GR L 74521; (November, 1986) (Digest)
G.R. No. L-74521 November 11, 1986
BANK OF AMERICA NT & SA, petitioner, vs. THE HON. FIRST CIVIL CASES DIVISION, INTERMEDIATE APPELLATE COURT and AIR CARGO AND TRAVEL CORPORATION, respondents.
FACTS
Private respondent Air Cargo and Travel Corporation (ACTC) maintained an account with petitioner Bank of America (BANKAMERICA). Toshiyuki Minami, ACTC’s president in Japan, also held a separate personal account with the same bank. On March 10, 1981, BANKAMERICA received a tested telex advice from Kyowa Bank of Japan, ordering it to pay US$23,595.00 “TO YOUR A/C NBR 24506-01-7 OF A. C. TRAVEL CORPORATION MR. TOSHIYUKO MINAMI.” Despite noting an ambiguity in the instruction, BANKAMERICA credited the amount to Account No. 24506-01-7, which was owned by Minami, who subsequently withdrew the funds. ACTC demanded restitution, claiming the funds were intended for its corporate account. Upon BANKAMERICA’s refusal, ACTC filed a suit for damages. The trial court held BANKAMERICA and Minami jointly and severally liable, a decision affirmed by the Intermediate Appellate Court, which found the bank grossly negligent in handling the ambiguous telex.
ISSUE
Whether petitioner BANKAMERICA was negligent and thus liable for damages for crediting the remittance to the account of Minami based on the ambiguous tested telex instruction.
RULING
The Supreme Court reversed the appellate court’s decision, absolving BANKAMERICA of liability.
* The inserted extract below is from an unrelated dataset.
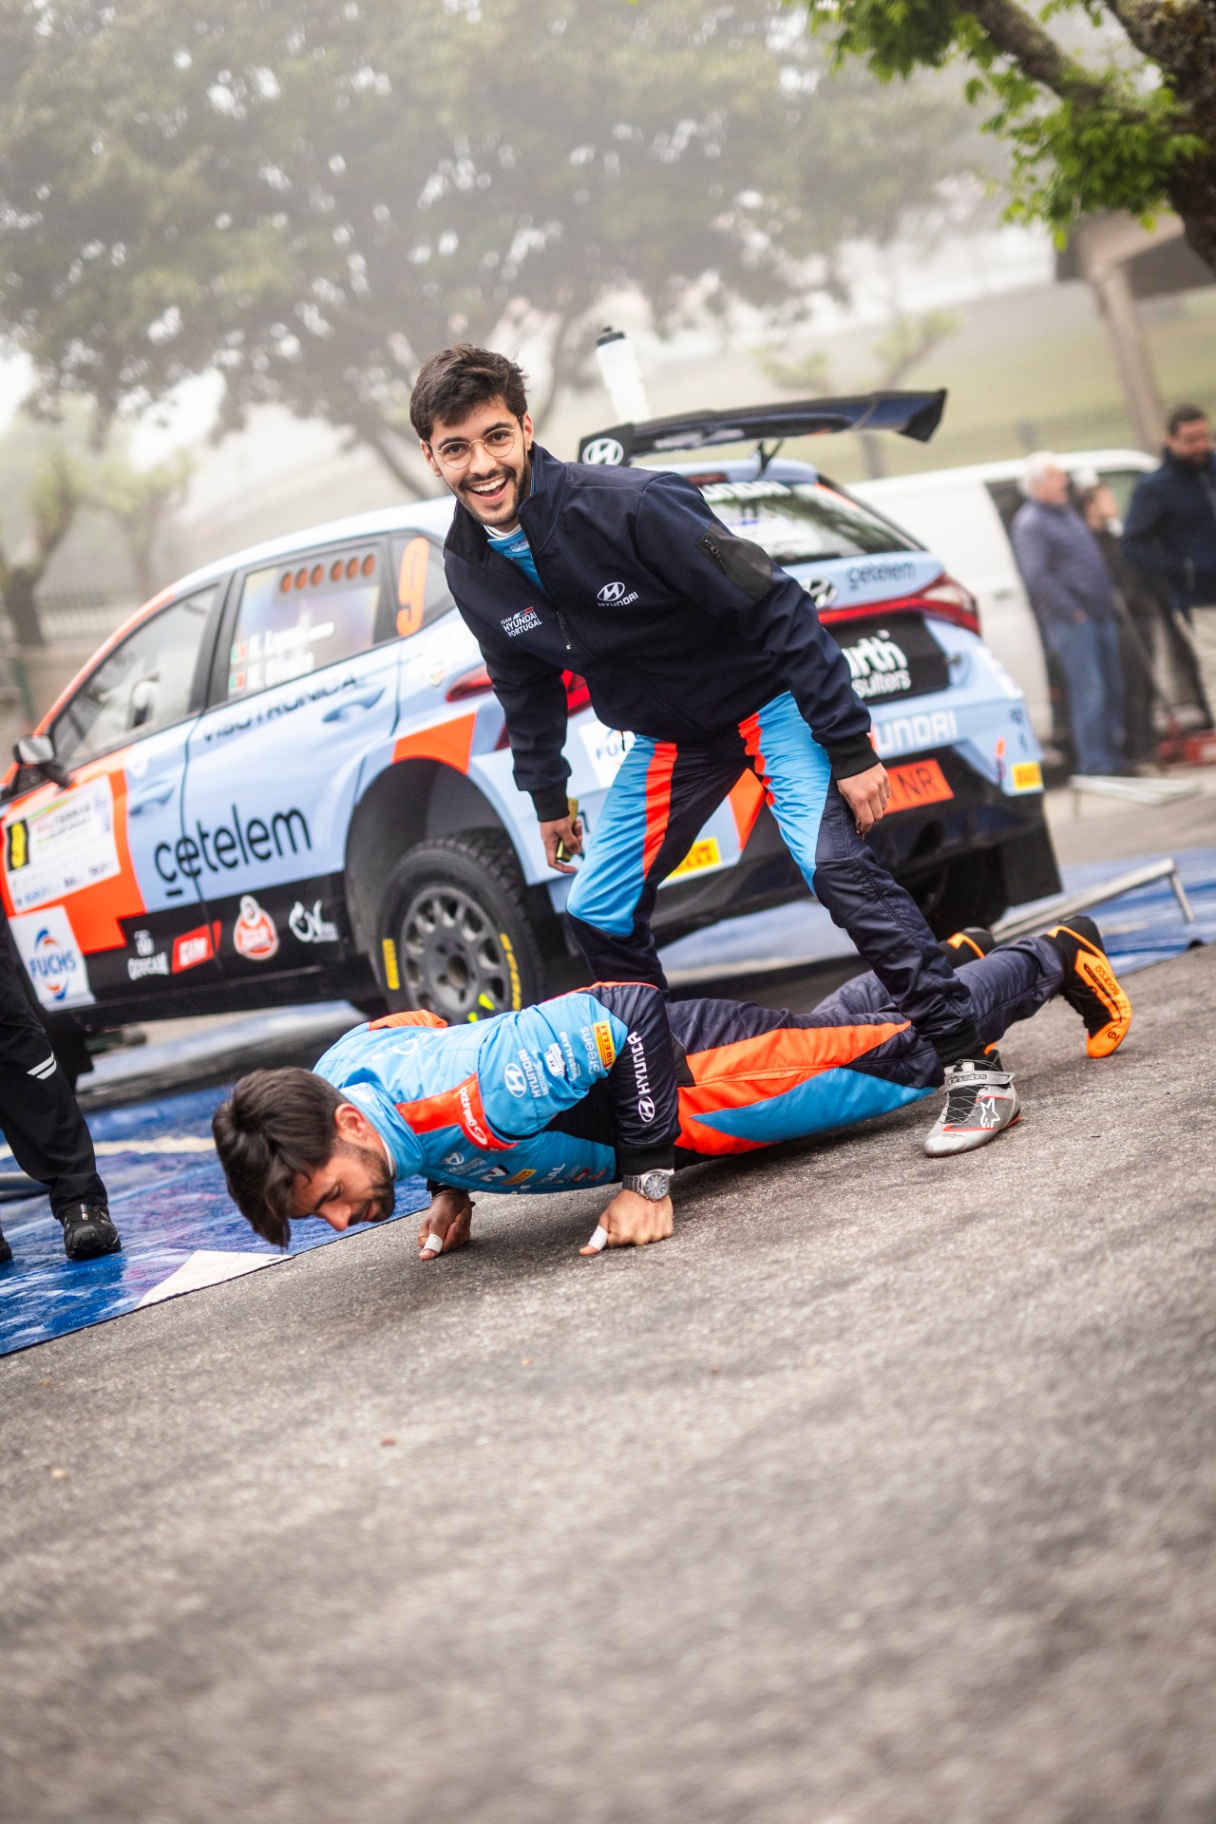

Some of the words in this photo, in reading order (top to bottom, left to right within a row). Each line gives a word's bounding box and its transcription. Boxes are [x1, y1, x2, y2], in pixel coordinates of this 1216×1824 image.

The legal logic centered on the nature of the tested telex as a contract containing a stipulation pour autrui (stipulation in favor of a third party) between Kyowa Bank and BANKAMERICA. The Court held that the ambiguity, whether patent or latent, was resolved in favor of identifying Minami as the intended beneficiary. The specific account number (24506-01-7) and Minami’s name were decisive identifiers that the bank could not disregard. The mention of “A.C. TRAVEL CORPORATION” was reasonably construed as further identification of Minami, not as a directive to credit the corporate account. Furthermore, ACTC was not a party to the contract between the two banks and could not question the identification made by the ordering bank, Kyowa. The Court also inferred that the original remitting party, Tokyo Tourist Corporation, did not protest the crediting to Minami, suggesting this was the intended action. Therefore, BANKAMERICA correctly followed the instructions based on the primary identifiers in the telex and incurred no negligence.